Return all of the data exactly, with nothing left out but the pictures.

▶ **Stored data entries**:
== == ==
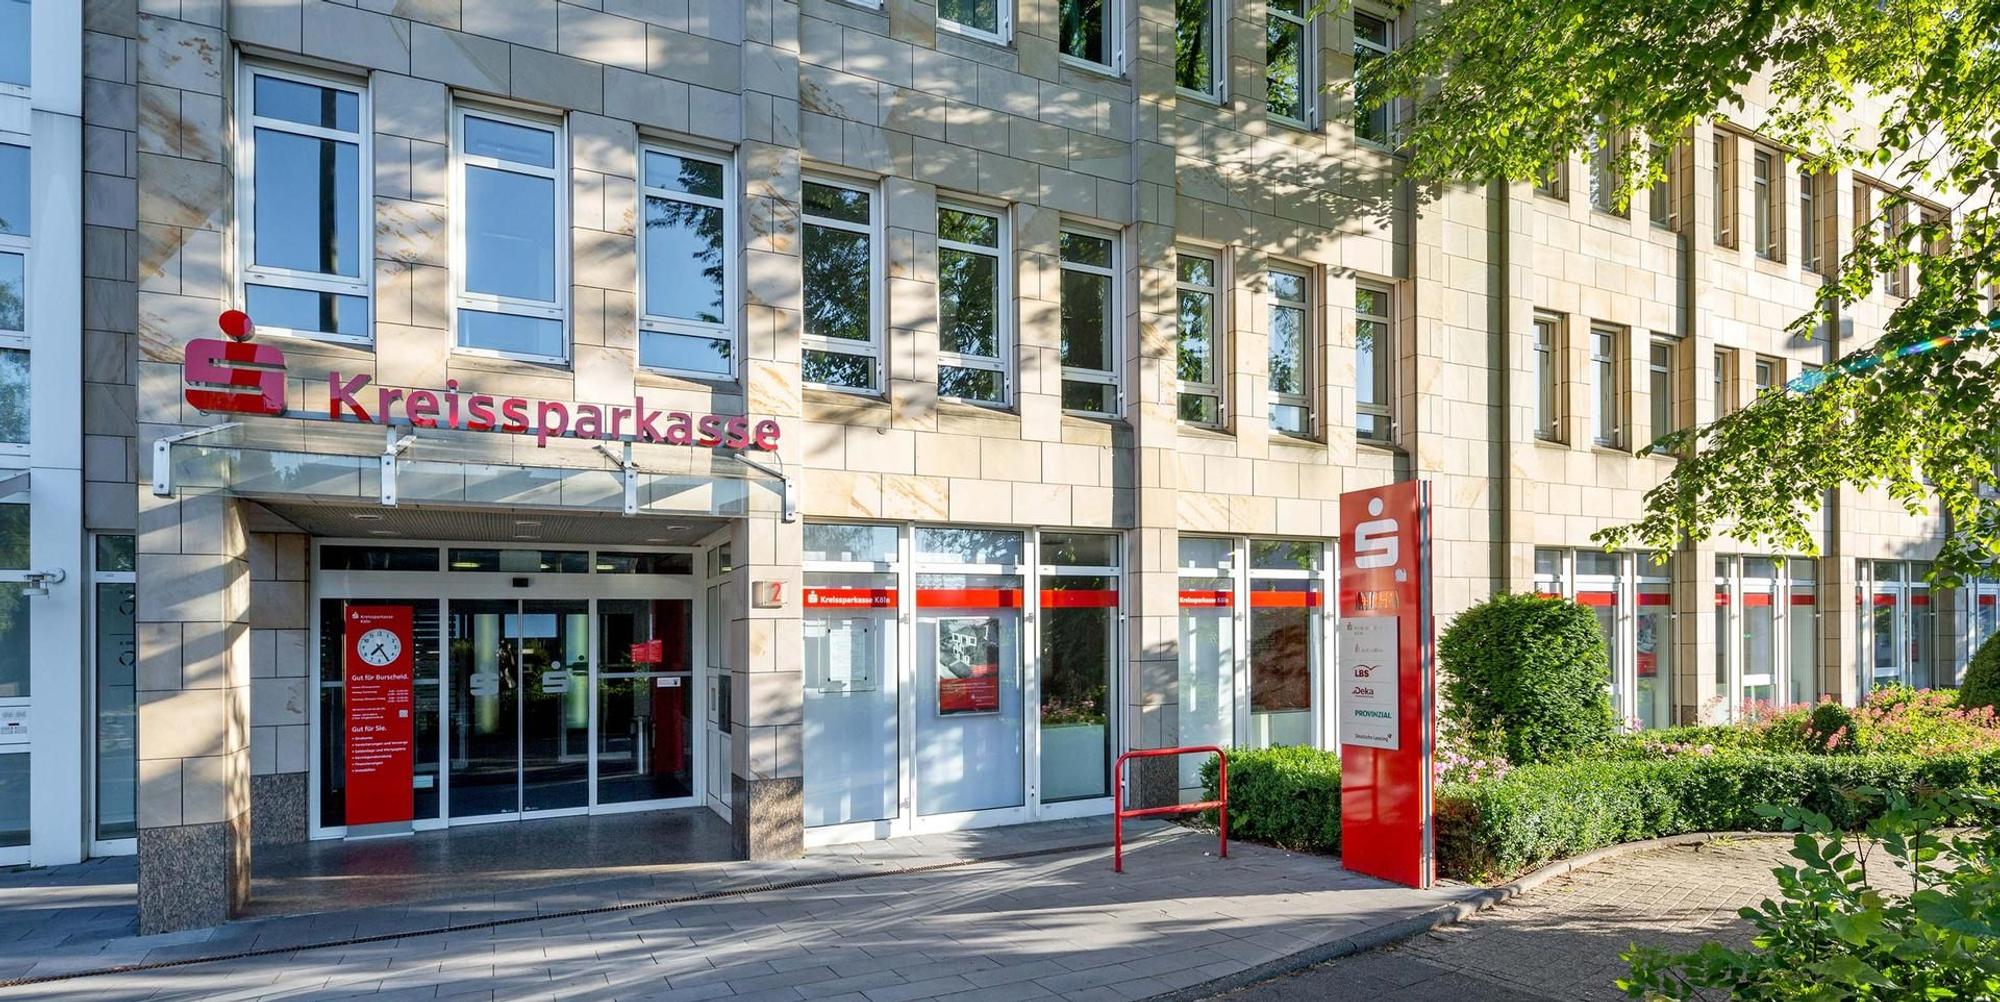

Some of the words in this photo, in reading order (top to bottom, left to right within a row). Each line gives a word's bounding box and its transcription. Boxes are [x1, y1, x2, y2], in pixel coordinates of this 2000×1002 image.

[329, 371, 781, 452] Kreissparkasse
[771, 582, 781, 602] 2
[820, 596, 873, 605] Kreissparkasse
[1354, 669, 1369, 678] LBS
[1352, 686, 1374, 695] Deka
[1354, 709, 1393, 719] PROVINZIAL
== == ==
▶ **WRITTEN SOLUTION**:
Some of the words in this photo, in reading order (top to bottom, left to right within a row). Each line gives a word's bounding box and its transcription. Boxes are [x1, y1, x2, y2], in pixel coordinates of this 2000×1002 image.

[329, 371, 781, 452] Kreissparkasse
[771, 582, 781, 602] 2
[820, 596, 873, 605] Kreissparkasse
[1354, 669, 1369, 678] LBS
[1352, 686, 1374, 695] Deka
[1354, 709, 1393, 719] PROVINZIAL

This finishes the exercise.